Tall Stacks, great acts


The five-day boat show is set to become the biggest music festival this city has ever seen

By Larry Nager
The Cincinnati Enquirer

For less than the price of a new CD you can attend the biggest music festival ever produced in Greater Cincinnati - five days, four stages, 30 national acts and more than 50 local artists.

From Oct. 15-19, the Tall Stacks Music, Arts & Heritage Festival will set up shop on both sides of the Ohio and present top names in bluegrass, blues, folk, gospel and Americana, including Emmylou Harris, Nickel Creek, Lucinda Williams, Ricky Skaggs, Keb' Mo', the Jayhawks, Bo Diddley, the Blind Boys of Alabama and Shawn Colvin.

CRUISE TICKETS
Tickets are on sale for Tall Stacks cruises and morning tours. About 75 percent of the 117,000 available tickets for the 200 cruises have been sold.

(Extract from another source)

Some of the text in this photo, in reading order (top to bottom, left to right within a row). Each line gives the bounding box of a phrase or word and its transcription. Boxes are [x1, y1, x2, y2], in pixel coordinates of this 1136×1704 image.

Best availability is Wednesday and Thursday (about 20,000 of 25,000 morning boat-tour tickets remain).

Tickets are on sale at the Tall Stacks Store, Tower Place Mall, 10 a.m. to 8 p.m. Monday-Saturday, noon to 5 p.m. Sunday, at tallstacks.com or call (866) 497-8255.

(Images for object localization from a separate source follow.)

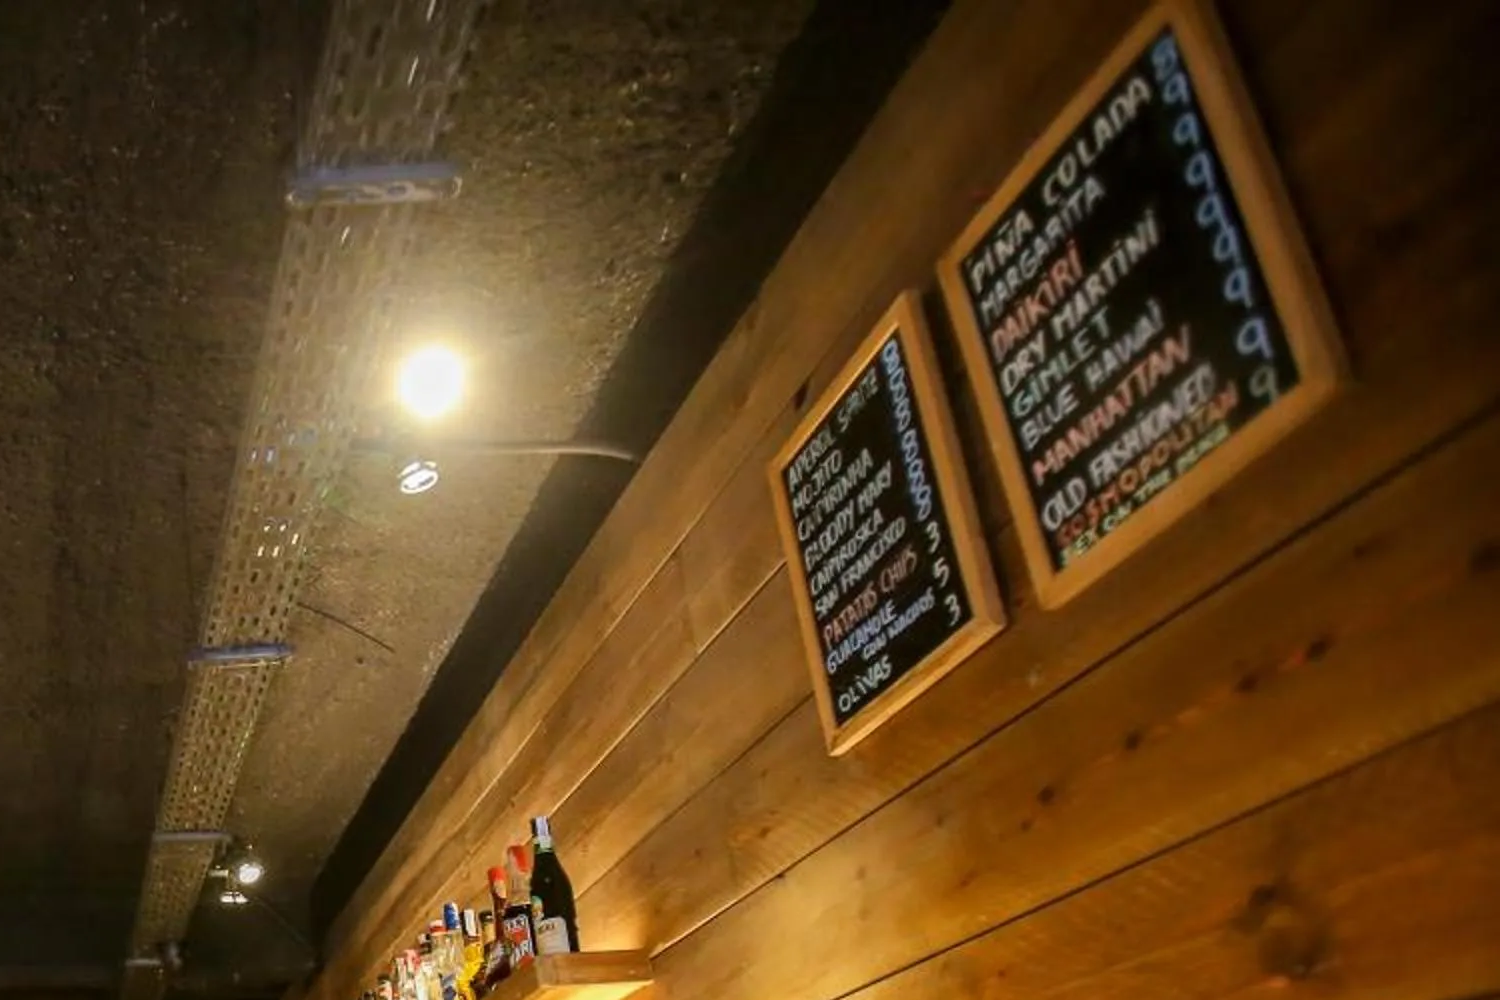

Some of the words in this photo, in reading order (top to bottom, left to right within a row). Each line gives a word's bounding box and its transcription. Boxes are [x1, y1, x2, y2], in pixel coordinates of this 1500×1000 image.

[1043, 78, 1150, 205] COLADA
[981, 178, 1102, 321] MARGARITA
[991, 247, 1081, 361] DAIKIRI
[1001, 331, 1045, 395] DRY
[1052, 208, 1158, 339] MARTINI
[1013, 309, 1108, 417] GIMLET
[1021, 384, 1078, 449] BLUE
[1033, 328, 1190, 485] MANHATTAN
[792, 449, 842, 518] MOJITO
[1042, 477, 1086, 530] OLD
[1089, 362, 1214, 487] FASHIONED
[1059, 382, 1238, 549] COSMOPOLITAN
[804, 500, 854, 572] BLOODY
[857, 461, 892, 514] MARY
[814, 584, 839, 620] SAN
[840, 517, 905, 593] FRANCISCO
[933, 557, 950, 587] 5
[823, 582, 877, 650] PATATAS
[880, 546, 917, 593] CHIPS
[926, 520, 941, 553] 3
[838, 655, 891, 712] OLIVAS
[944, 593, 961, 626] 3
[862, 633, 887, 660] CON

Cruise tickets range from $18 to $75 per person; tour tickets are $18.

Ticket buyers also receive the new Tall Stacks general admission pin good for all five days of the festival.

Admission to all five days of Tall Stacks - or any single day - is a $12 enameled souvenir pin that goes on sale Saturday in the Tristate's 100 Kroger stores. Kroger Plus cardholders receive an additional $2 discount. There is no service charge and children 12 and under will be admitted free.

That "reinvention" changes Tall Stacks from a riverboat festival with some musical accompaniment - an event that, since its inception in 1988, has drawn an older, more family-oriented audience - into a major-league music festival that can compete with such national events as the Bonnaroo roots/jam-band fest in Manchester, Tenn., the New Orleans Jazz & Heritage Festival and the Memphis in May Beale Street Music Festival.

"That's unbelievable to have those kinds of entertainers for 10 bucks," said John Elkington, the developer chiefly responsible for the Beale Street revival in Memphis.

"Look at that lineup. All those people are just incredible; the bluegrass with Ricky Skaggs and Nickel Creek, and then you add to that all those blues entertainers and all those other people. You'll get people from all over the country to come to that."

By comparison, three-day advance tickets for this year's Memphis fest - the cheapest of the three festivals mentioned above - cost $44, plus service charges. About 60 national and local artists played in the city's riverfront park over the three days, drawing more than 130,000 people.

The boat element of Tall Stacks hasn't been forgotten, however. It, too, has been expanded, with 200 cruise options ranging from such traditional Tall Stacks fare as history cruises to new, demographic-broadening tickets such as the SpongeBob family cruise or "booze cruises" that offer martini and wine tastings. In addition, every cruise ticket includes a Tall Stacks pin, which gains admittance to the entire five-day festival.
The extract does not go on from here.